# [Problem description]
Reproduce all of the records word for word, omitting the pictures.

Dataset records
....
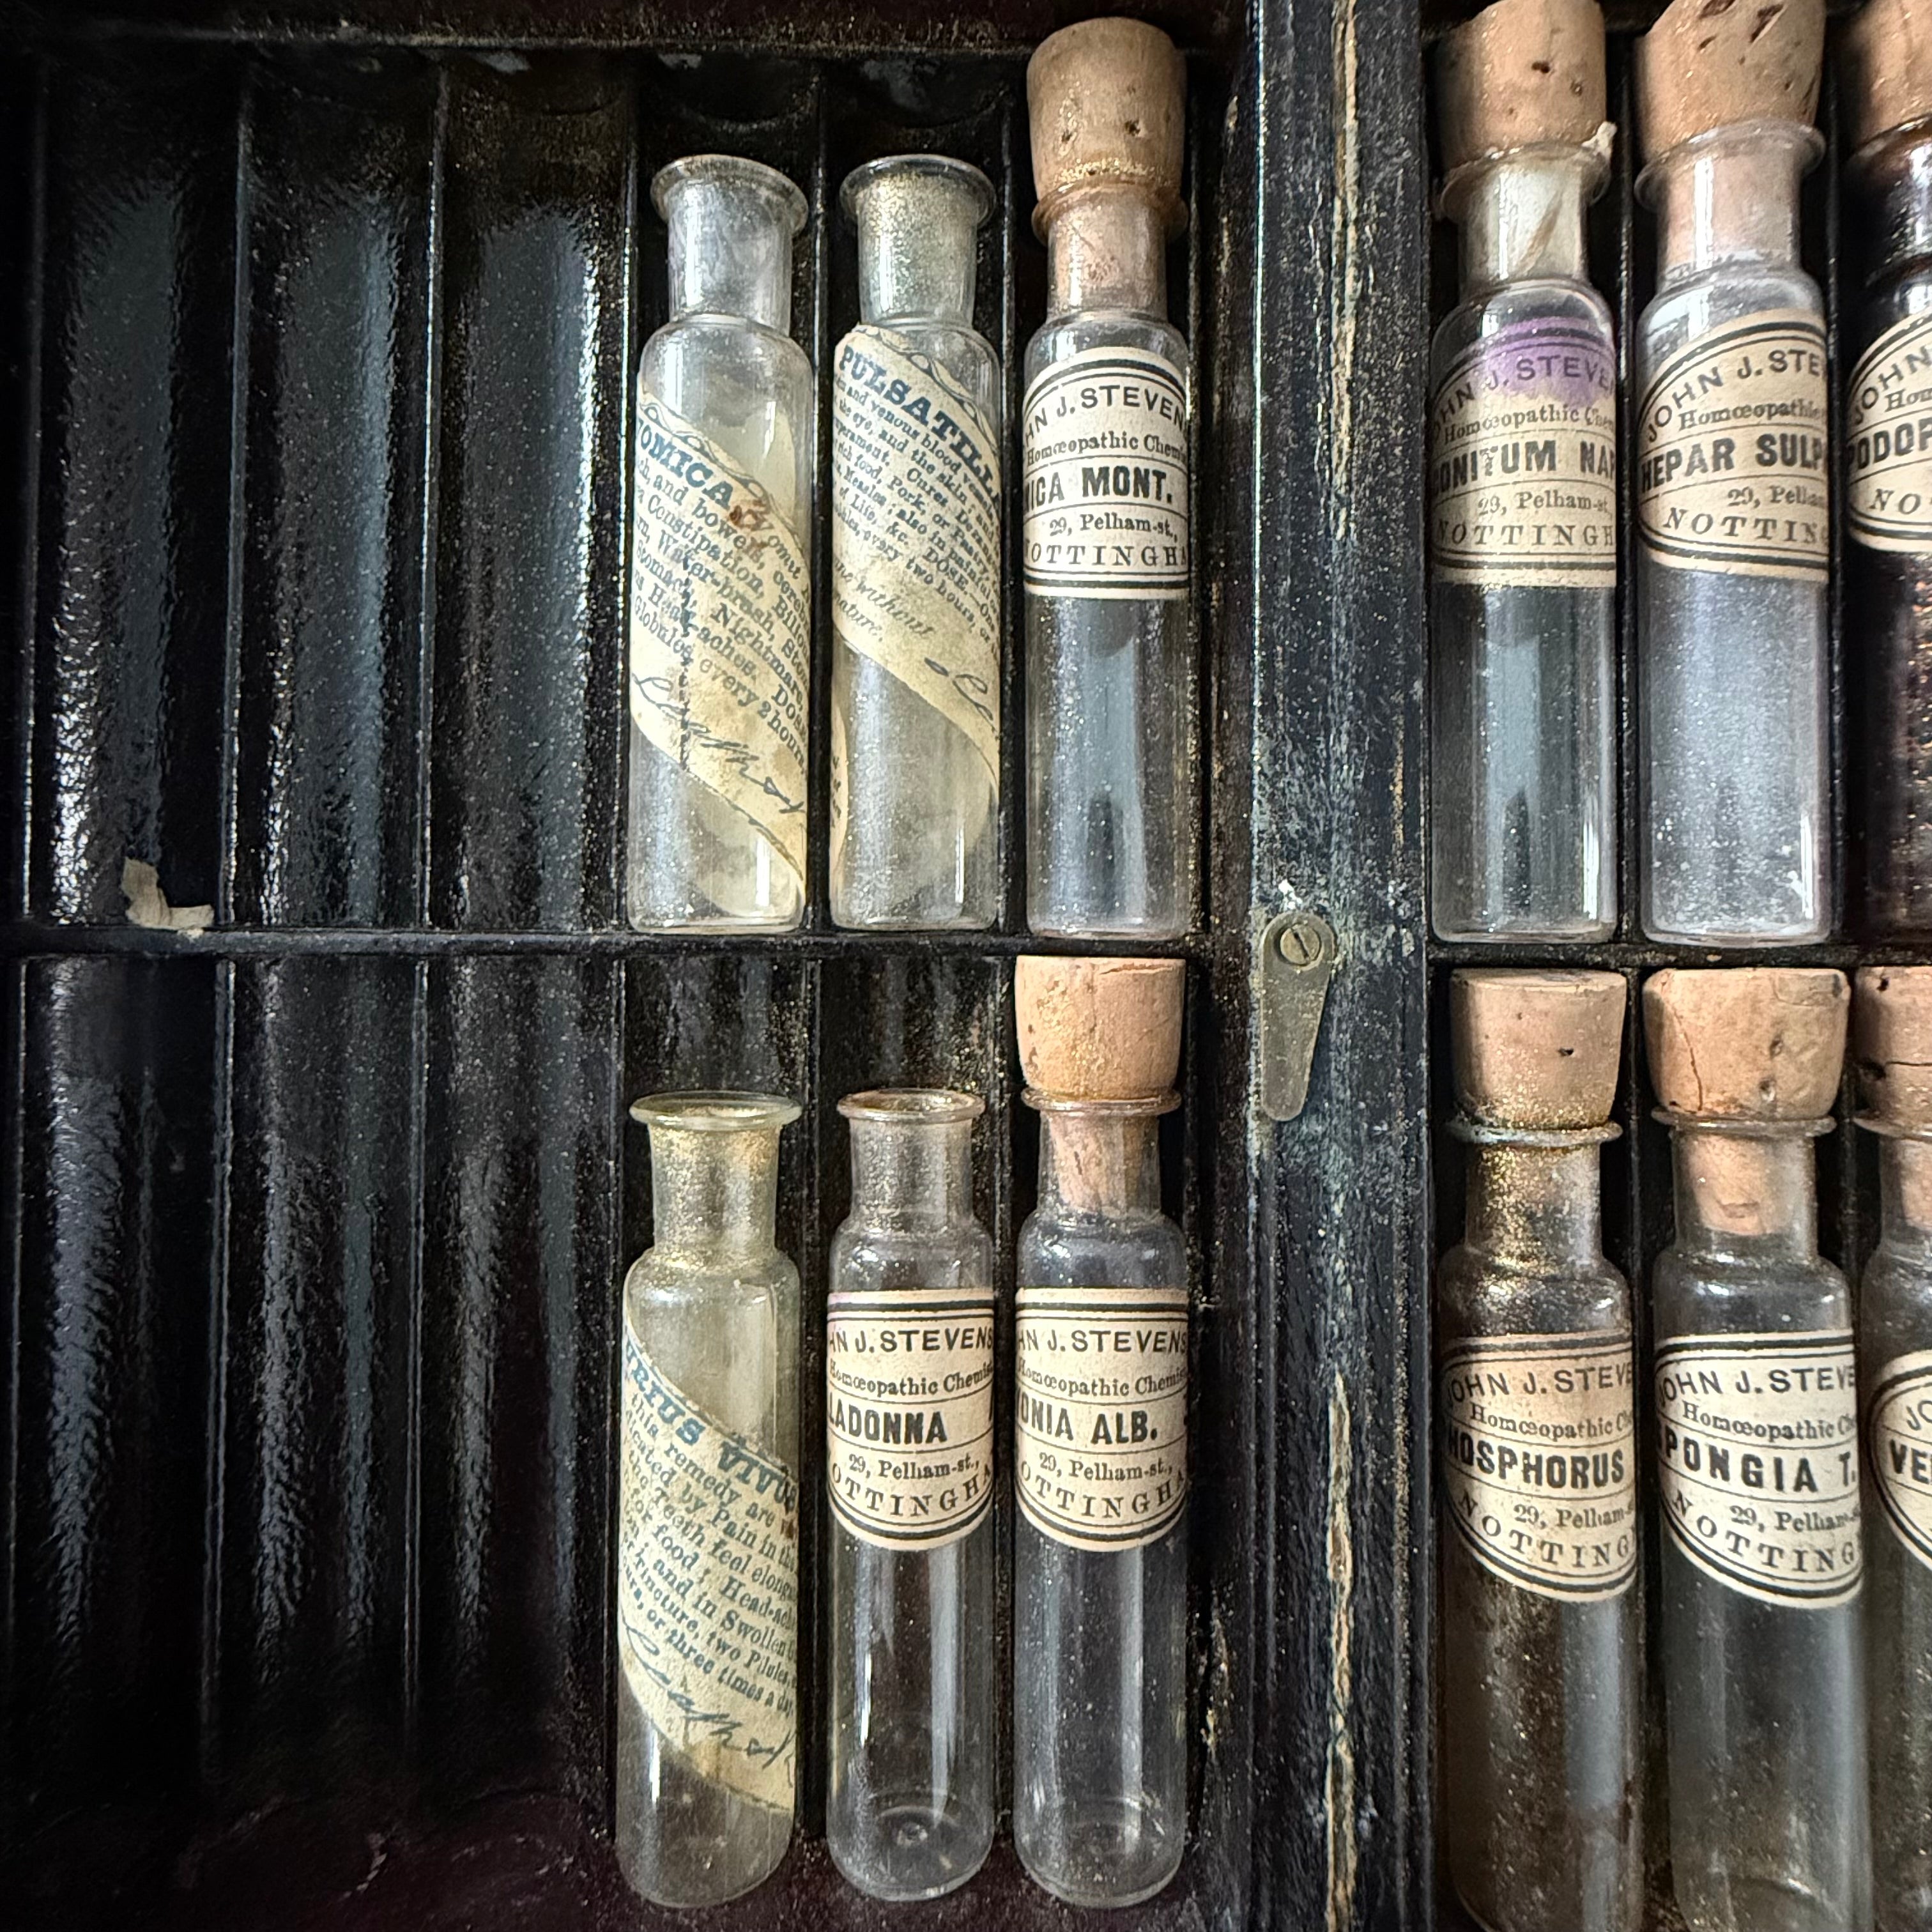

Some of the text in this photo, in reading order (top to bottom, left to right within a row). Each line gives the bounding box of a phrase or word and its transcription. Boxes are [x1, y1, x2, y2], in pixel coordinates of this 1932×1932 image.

[1648, 365, 1724, 443] JOHN
[878, 424, 908, 452] and
[911, 447, 935, 471] the
[920, 434, 961, 474] blood
[1641, 437, 1736, 494] HEPAR
[653, 468, 688, 506] and
[854, 452, 882, 482] food,
[887, 475, 926, 512] Pork,
[931, 512, 949, 530] or
[907, 467, 948, 506] Cures
[1081, 465, 1173, 504] MONT.
[895, 503, 928, 533] also
[1049, 517, 1073, 537] 29,
[648, 494, 765, 596] Constipation,
[905, 554, 934, 583] two
[699, 659, 759, 713] every
[756, 699, 771, 719] 2
[1091, 1409, 1159, 1446] ALB.
[631, 1392, 659, 1436] this
[664, 1445, 742, 1510] remedy
[745, 1501, 776, 1529] are
[848, 1453, 871, 1479] 29,
[1038, 1452, 1062, 1478] 29,
[652, 1489, 706, 1543] Teeth
[706, 1536, 753, 1575] feel
[707, 1505, 757, 1547] Pain
[1513, 1503, 1547, 1529] 29,
[1729, 1505, 1765, 1533] 29,
[653, 1556, 693, 1598] and
[719, 1607, 786, 1659] Swollen
[647, 1608, 666, 1632] or
[666, 1628, 715, 1673] three
[716, 1663, 763, 1702] times
[705, 1631, 741, 1662] two
....
# [Expected answer]
Some of the text in this photo, in reading order (top to bottom, left to right within a row). Each line gives the bounding box of a phrase or word and its transcription. Boxes are [x1, y1, x2, y2], in pixel coordinates of this 1932×1932 image.

[1648, 365, 1724, 443] JOHN
[878, 424, 908, 452] and
[911, 447, 935, 471] the
[920, 434, 961, 474] blood
[1641, 437, 1736, 494] HEPAR
[653, 468, 688, 506] and
[854, 452, 882, 482] food,
[887, 475, 926, 512] Pork,
[931, 512, 949, 530] or
[907, 467, 948, 506] Cures
[1081, 465, 1173, 504] MONT.
[895, 503, 928, 533] also
[1049, 517, 1073, 537] 29,
[648, 494, 765, 596] Constipation,
[905, 554, 934, 583] two
[699, 659, 759, 713] every
[756, 699, 771, 719] 2
[1091, 1409, 1159, 1446] ALB.
[631, 1392, 659, 1436] this
[664, 1445, 742, 1510] remedy
[745, 1501, 776, 1529] are
[848, 1453, 871, 1479] 29,
[1038, 1452, 1062, 1478] 29,
[652, 1489, 706, 1543] Teeth
[706, 1536, 753, 1575] feel
[707, 1505, 757, 1547] Pain
[1513, 1503, 1547, 1529] 29,
[1729, 1505, 1765, 1533] 29,
[653, 1556, 693, 1598] and
[719, 1607, 786, 1659] Swollen
[647, 1608, 666, 1632] or
[666, 1628, 715, 1673] three
[716, 1663, 763, 1702] times
[705, 1631, 741, 1662] two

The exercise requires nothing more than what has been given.